ASSIGNMENT: An exact copy of every record, with no pictures, please.

STORED DATA:
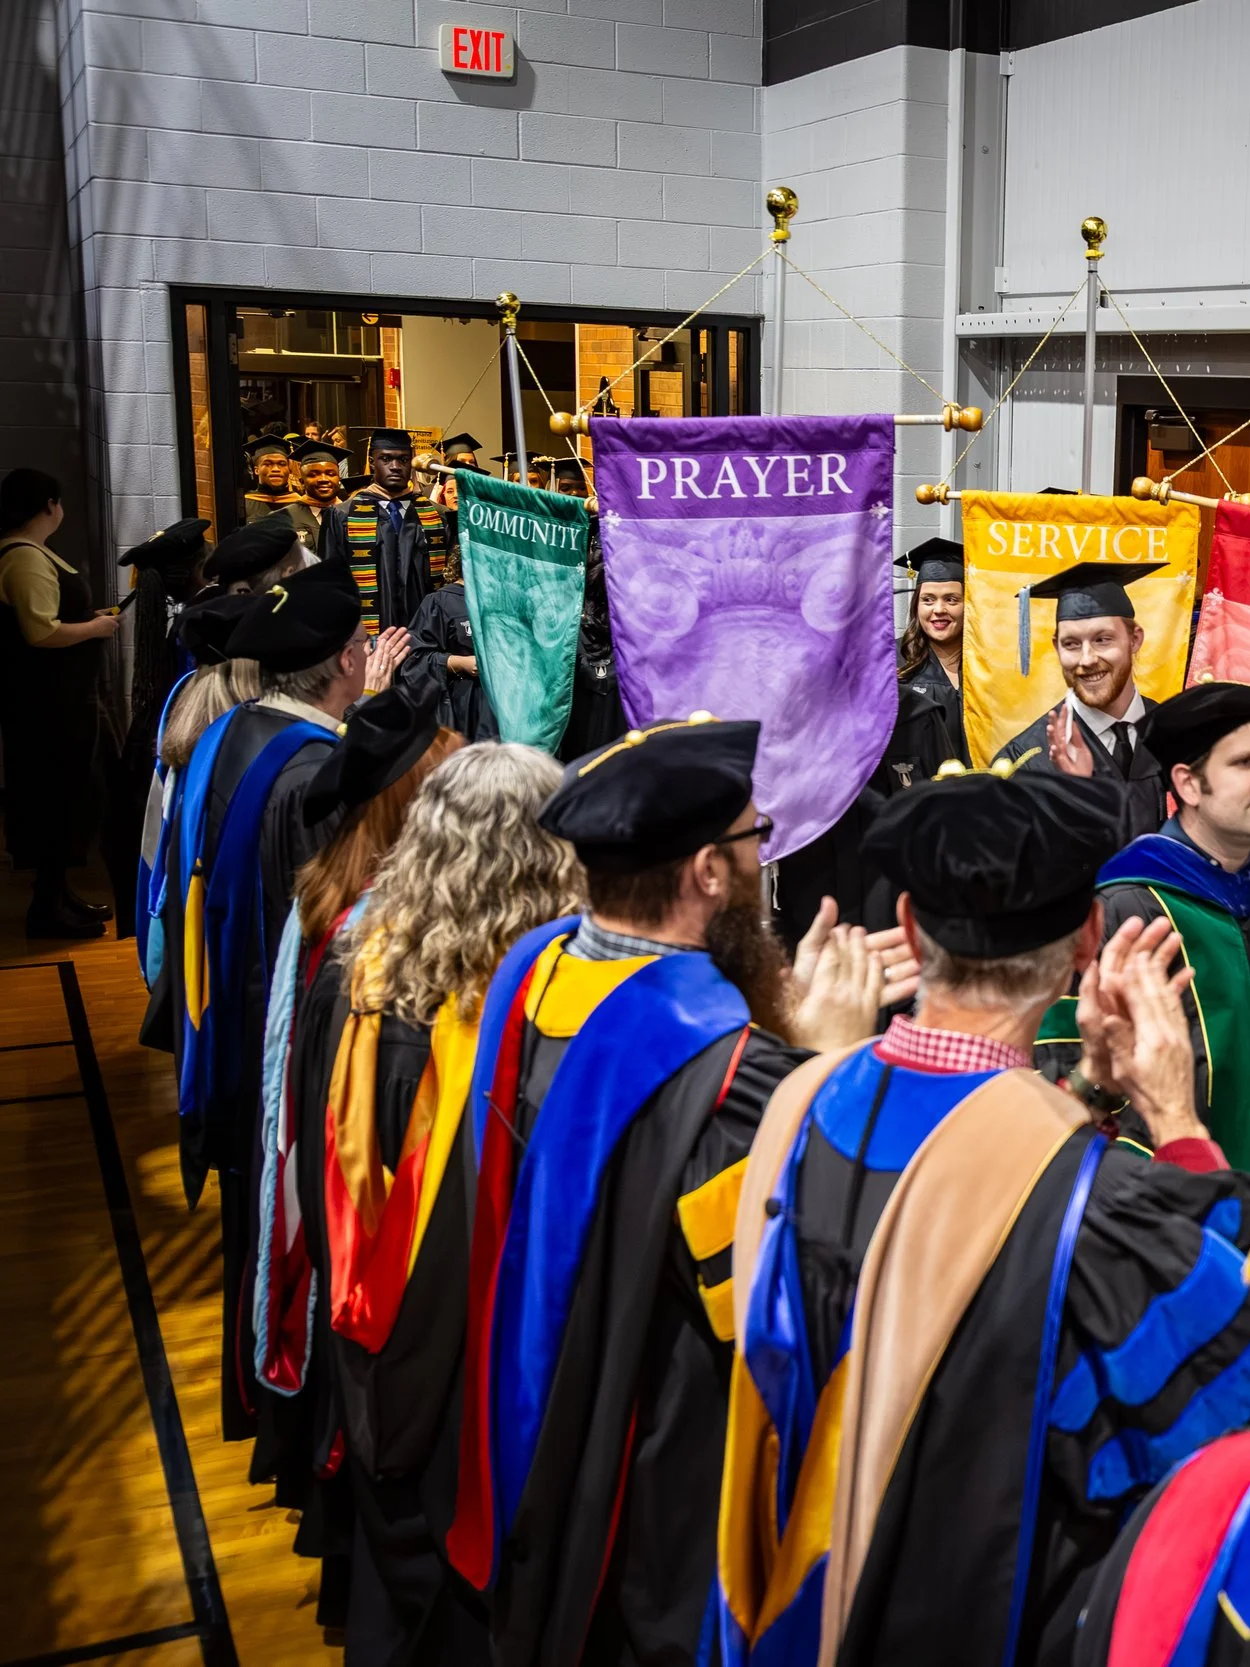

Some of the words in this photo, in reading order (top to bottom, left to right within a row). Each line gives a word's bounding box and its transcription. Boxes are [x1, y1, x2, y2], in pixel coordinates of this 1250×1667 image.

[453, 27, 505, 72] EXIT
[636, 453, 853, 499] PRAYER
[465, 500, 581, 550] OMMUNITY
[987, 521, 1169, 561] SERVICE

WRITTEN RESPONSE:
Some of the words in this photo, in reading order (top to bottom, left to right within a row). Each line gives a word's bounding box and its transcription. Boxes are [x1, y1, x2, y2], in pixel coordinates of this 1250×1667 image.

[453, 27, 505, 72] EXIT
[636, 453, 853, 499] PRAYER
[465, 500, 581, 550] OMMUNITY
[987, 521, 1169, 561] SERVICE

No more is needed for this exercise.